▶ DIRECTIONS:
Without the images, reproduce each line of the material exactly.

▶ RECORDS FOR THE EXERCISE:
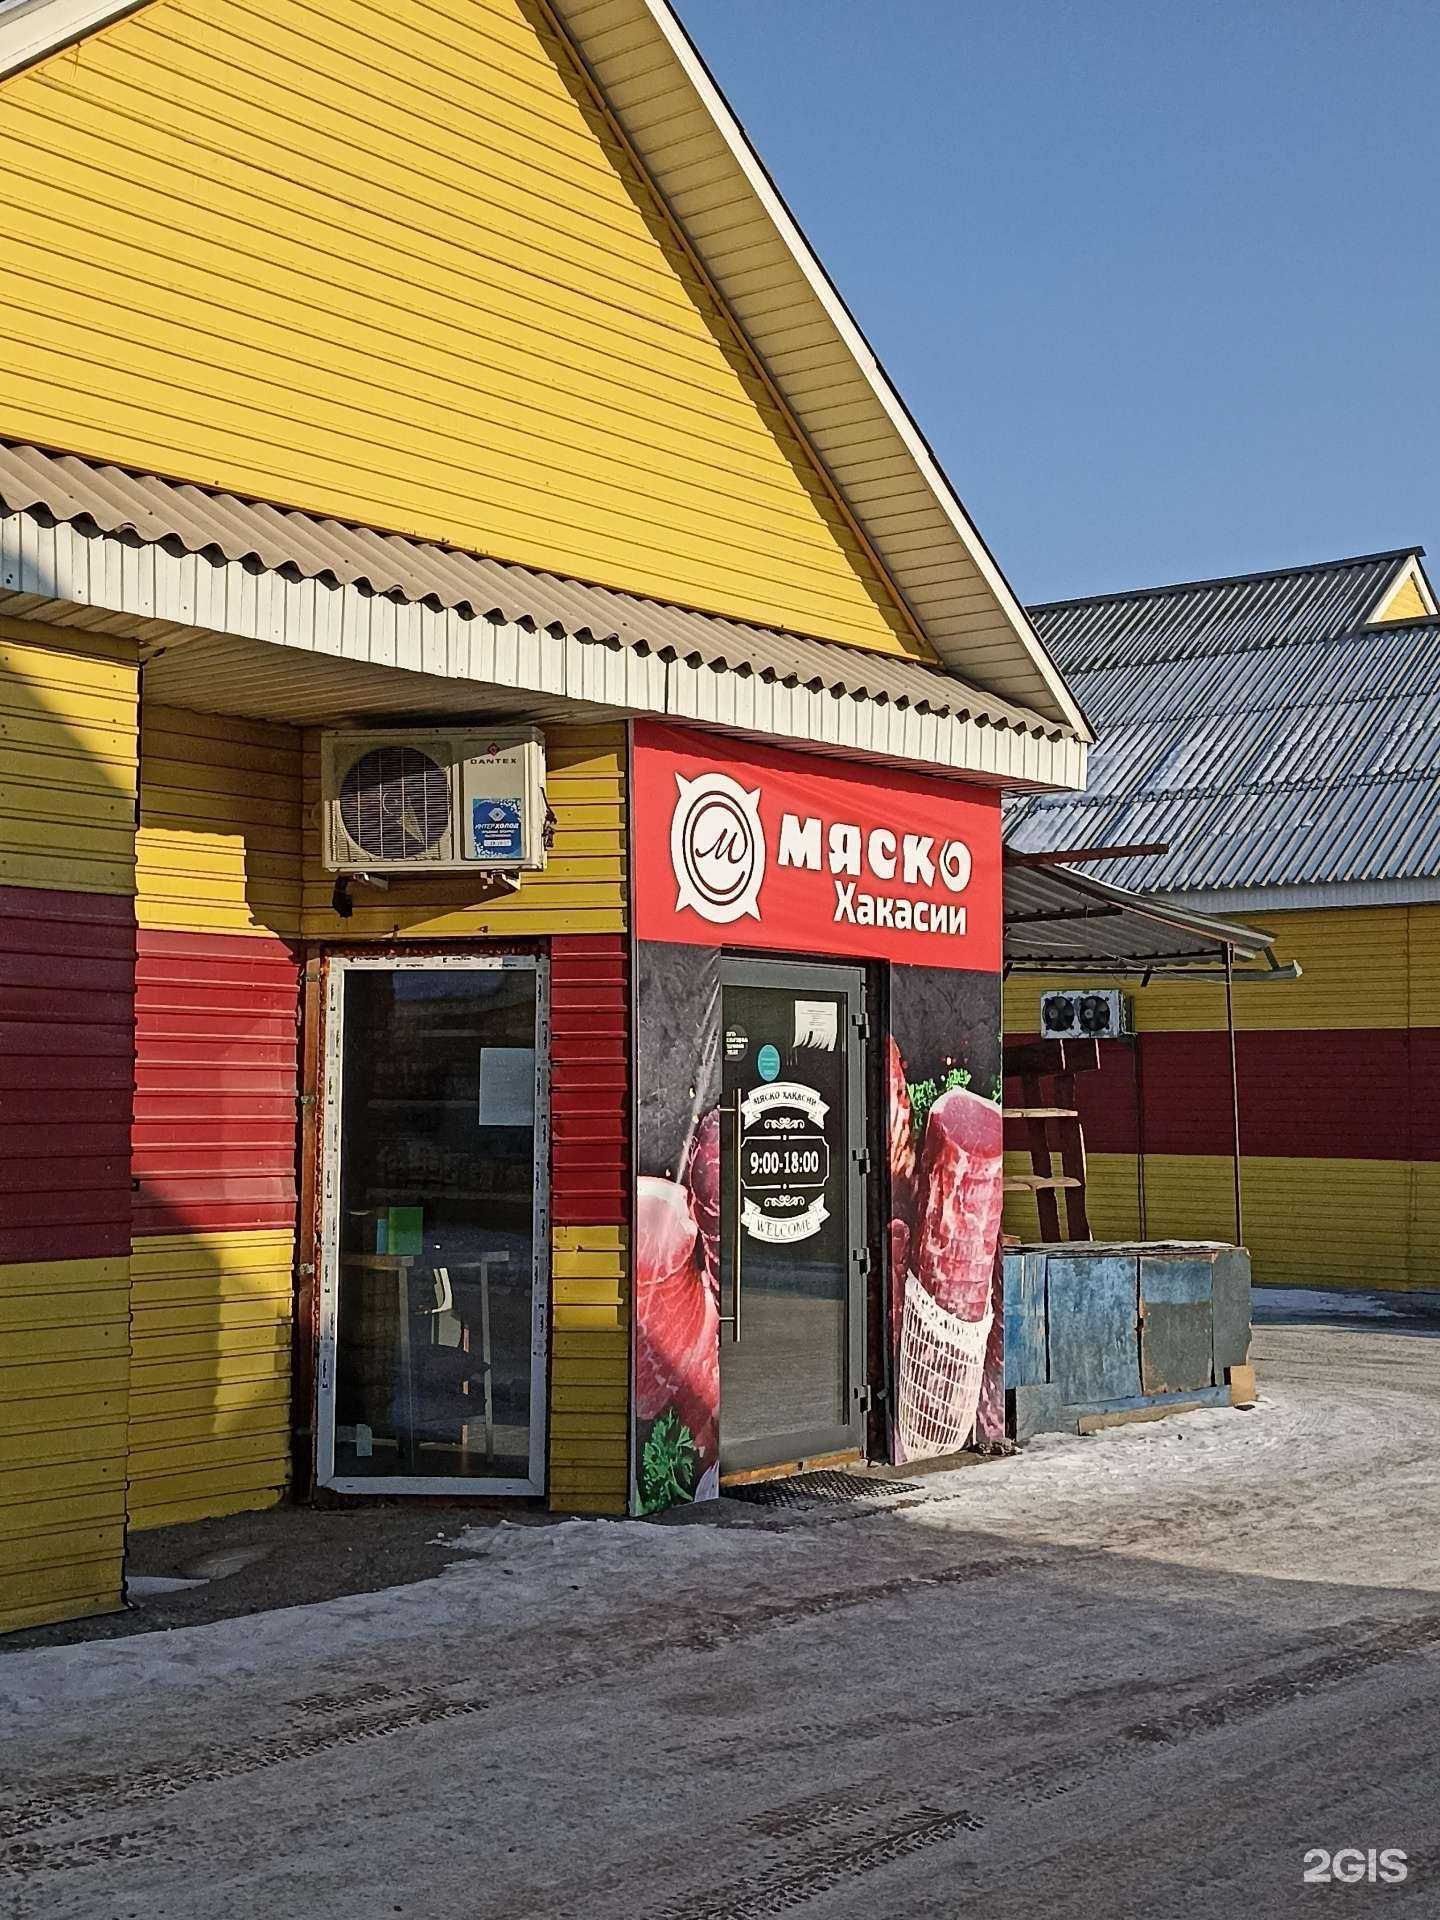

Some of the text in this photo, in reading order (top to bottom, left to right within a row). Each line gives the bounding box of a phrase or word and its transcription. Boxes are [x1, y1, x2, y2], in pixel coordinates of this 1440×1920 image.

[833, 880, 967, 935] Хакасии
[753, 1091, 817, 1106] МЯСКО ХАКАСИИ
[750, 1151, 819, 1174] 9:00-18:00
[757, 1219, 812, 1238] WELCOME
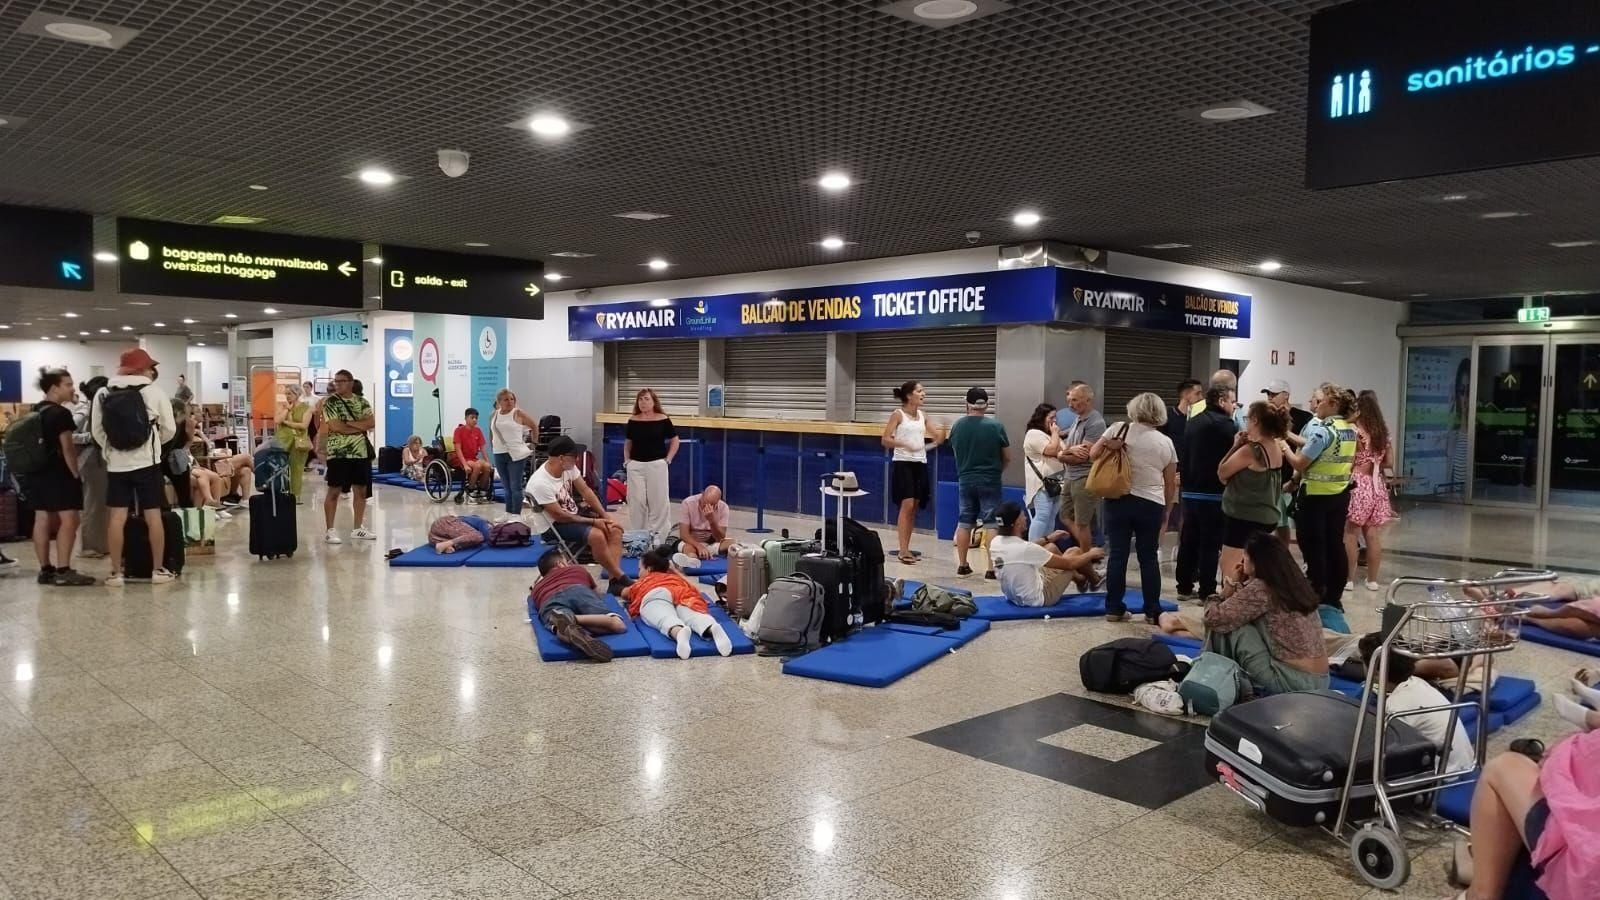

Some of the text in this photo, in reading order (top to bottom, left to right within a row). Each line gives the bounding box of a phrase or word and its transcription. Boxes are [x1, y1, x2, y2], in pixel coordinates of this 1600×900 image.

▶ ANSWER TO THIS EXERCISE:
Some of the text in this photo, in reading order (top to bottom, left to right within a row). Each line gives the bounding box of a phrase or word and its transcription. Boxes are [x1, y1, x2, y2], in pixel coordinates of this 1440×1920 image.

[833, 880, 967, 935] Хакасии
[753, 1091, 817, 1106] МЯСКО ХАКАСИИ
[750, 1151, 819, 1174] 9:00-18:00
[757, 1219, 812, 1238] WELCOME

Some of the text in this photo, in reading order (top to bottom, left to right within a row). Each line gives the bounding box of a phrase or word and its transcription. Boxes are [x1, y1, x2, y2], in pixel coordinates of this 1600×900 image.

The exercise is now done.